Figure 20: Speed Droop



Since the generators are all synchronized, a change in the system frequency will result in a proportional change in shaft speed of each machine. The action of the function is to automatically increase or decrease power to the prime mover of the generator in proportion to a change in speed.

For example, if speed is increasing, it is because there is excess power being supplied to the grid. The speed droop controller senses the change and acts to reduce power to the prime mover in proportion to the change in speed. If speed is decreasing, it is because there is insufficient power being supplied to the grid. The speed droop controller senses the change and acts to increase power to the prime mover in proportion to the change in speed. The relationship between a change in speed and a change in power to the prime mover is normally an adjustable feature. The chart illustrates a typical speed droop characteristic curve showing a 5% regulation ratio.

When the power being supplied to the grid has been adjusted such that it is again in equilibrium with the consumption of power, then the system frequency will stabilize and the machine speed will be constant.

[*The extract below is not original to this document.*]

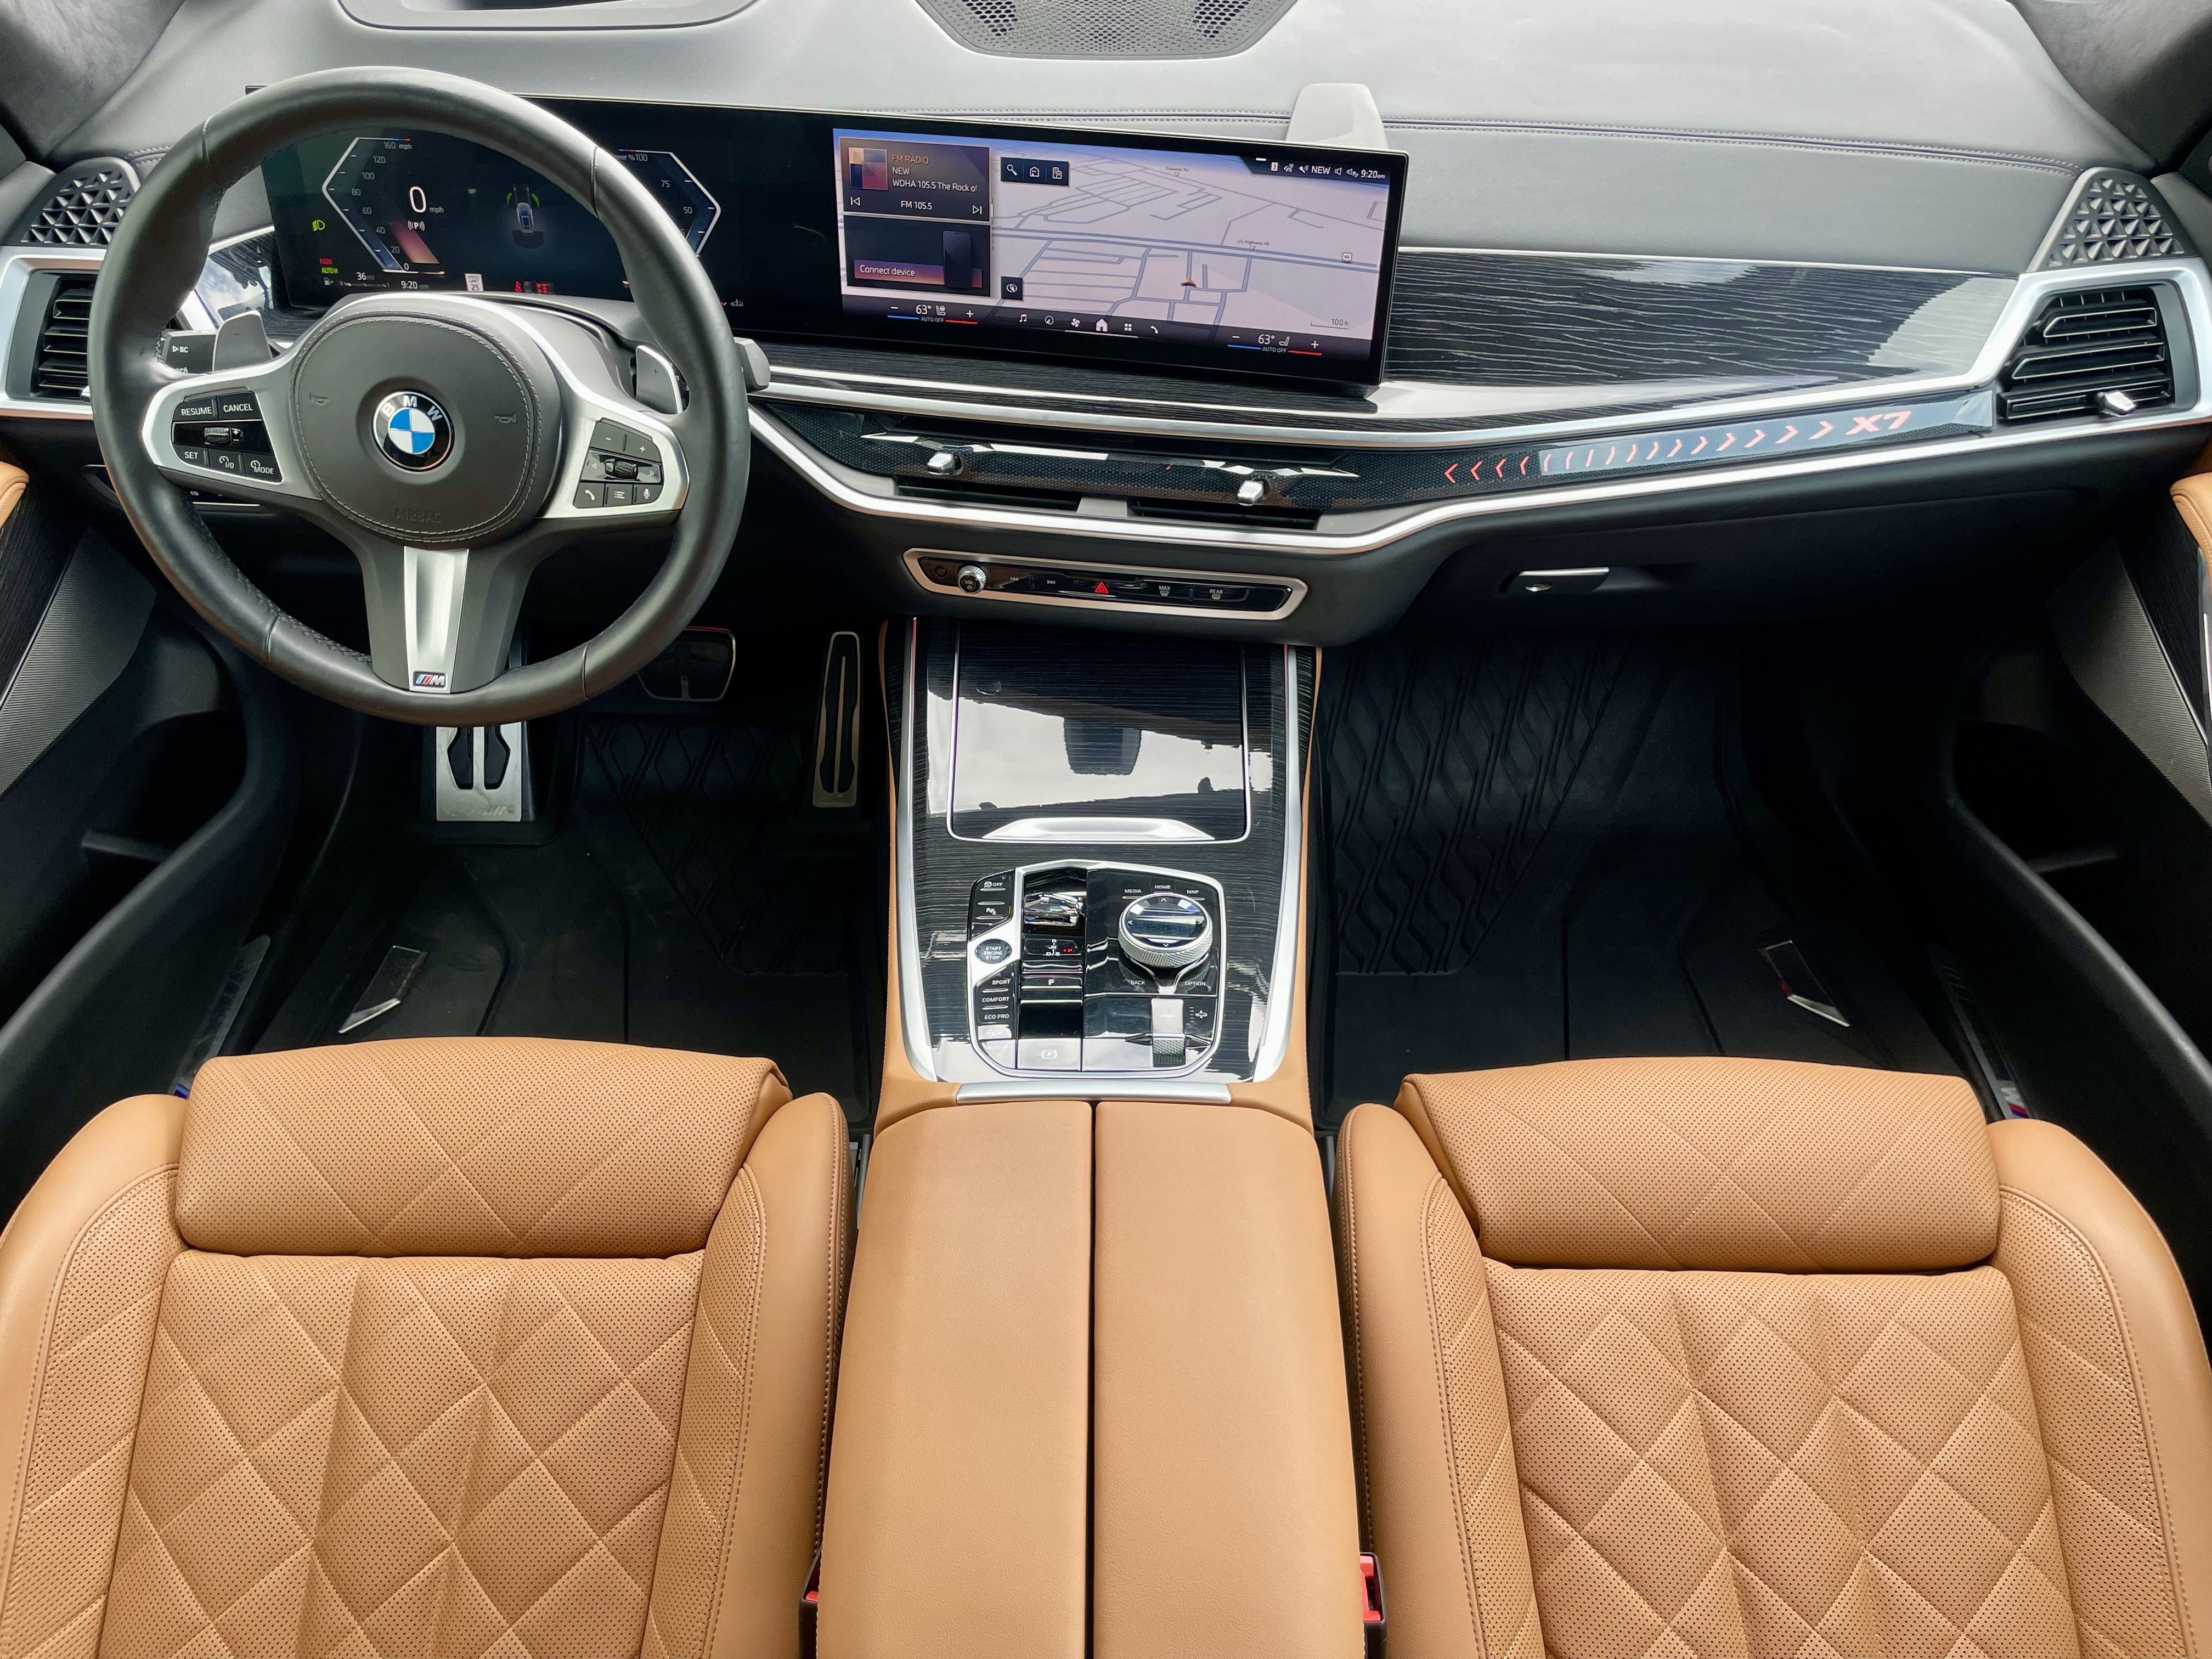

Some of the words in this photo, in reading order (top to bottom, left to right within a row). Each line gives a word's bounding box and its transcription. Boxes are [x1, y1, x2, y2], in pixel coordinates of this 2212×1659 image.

The speed droop controllers will hold the supply steady at that level.

Although the system will be stable, it will not longer be operating at 60 Hz. To return the system to normal operating frequency, the dispatcher will be required to adjust the units in his spinning reserve to compensate for the overall load change.

Reactive Load Sharing

In order for the grid to be stable, the VAR load of the grid must be met with VAR supply from the network of parallel generators. The system must have a balance of inductance and capacitance to achieve this condition.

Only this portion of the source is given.